Liczba wyświetleń: 807

W swych publikacjach politologicznych analizuję jedynie najważniejsze spośród najważniejszych problemów rozwojowych oraz niebezpieczeństw zagrażających Ziemi i ludzkości. Ale i tak, jak się wydaje, obraz współczesnej sytuacji i przewidywalnych perspektyw jest wystarczająco klarowny i dramatyczny oraz skłaniający do głębokiego zastanowienia, do radykalnego działania i do profilaktyki. Główny dylemat makro jest następujący: góra zadań i problemów oraz starych i nowych zagrożeń stale rośnie – bowiem tempo ich przyrostu znacznie przewyższa tempo ich rozwiązywania. Jest to odwieczna bolączka ludzkości, ale w naszych czasach staje się ona znacznie groźniejsza. Życie, rozwój i postęp toczy się coraz szybciej – kreując bez przerwy nowe problemy i nowe trudności. Ale i nowe możliwości ich rozwiązywania – niewykorzystywane wszakże z dostateczną efektywnością. Z wielką siłą działa także odwieczny (skądinąd) efekt kumulacyjny. Np.: – najnowszy kryzys globalny spowodował rozliczne konsekwencje zasadnicze i uboczne dla wszystkich. Skutki tego odczuwane będą przez całe dziesięciolecia i stulecia; – wojna w Syrii, wywołana przez USA i Izrael, sieje śmierć i zniszczenia, powoduje liczne tragedie ludzkie i poważne konsekwencje dla państw sąsiadujących (uchodźcy, pomoc humanitarna, gotowość bojowa itp.). To wszystko kosztuje i generuje nowe koszty.

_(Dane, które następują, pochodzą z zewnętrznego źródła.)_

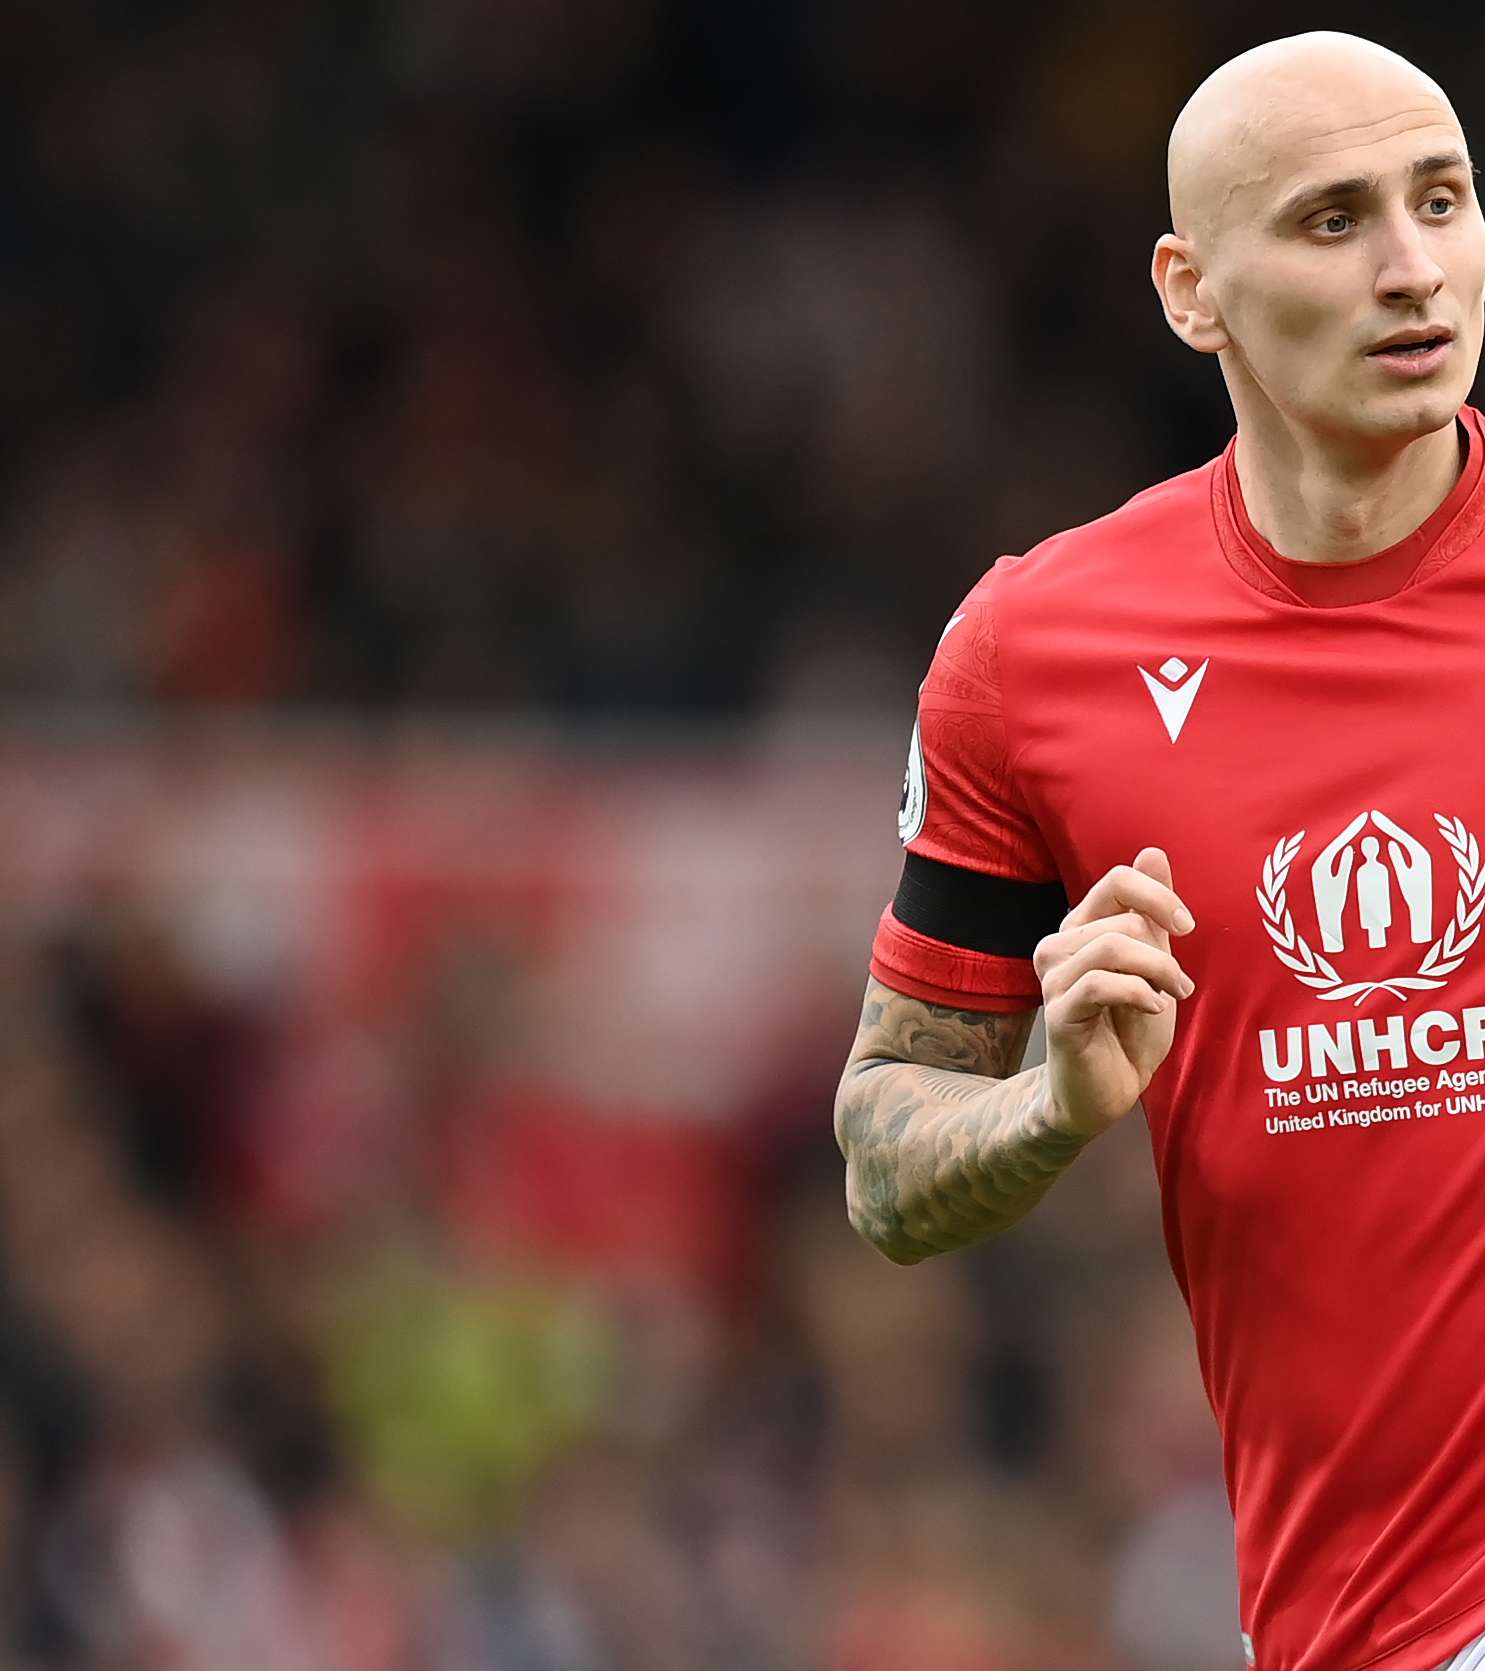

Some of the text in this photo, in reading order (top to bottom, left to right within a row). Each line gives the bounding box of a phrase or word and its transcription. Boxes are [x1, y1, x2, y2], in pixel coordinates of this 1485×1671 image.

Geneza obecnych problemów i zagrożeń sięga głęboko wstecz. Choć cenię (z przymrużeniem oka) metodologię „od Adama i Ewy”, to jednak nie śmiem twierdzić, że korzenie naszych dzisiejszych trudności sięgają czasów… zagłady dinozaurów. Trzeba analizować te zagadnienia ze znacznie bliższej perspektywy (wstecz i do przodu), żeby pojąć sedno sprawy. Jeśli tak, to nie ulegającą wątpliwości granicą i początkiem kreowania nowych możliwości i nowych problemów zarazem jest I rewolucja przemysłowa. Zainicjowała ona nieustający postęp w rozwoju ludzkości, który na przełomie XX i XXI wieku stał się wręcz imponujący. Szczególnie, wynalezienie maszyny parowej, elektryczności i urządzeń elektrycznych stymulowało dalszy postęp trwający do dziś. Niestety, w rozwoju gospodarczo-społecznym i naukowo-technicznym ludzkości funkcjonuje niszczycielski mechanizm błędnego koła: nowe wynalazki stymulują produkcję. Ta, z kolei, sprzyja poprawie warunków życia – jakościowo i ilościowo. One zaś stanowią główny bodziec wzrostu liczby ludności, co pociąga za sobą nowe wynalazki, ponowny wzrost produkcji, dalsze poprawianie warunków życia, wzrost liczby ludności etc. etc.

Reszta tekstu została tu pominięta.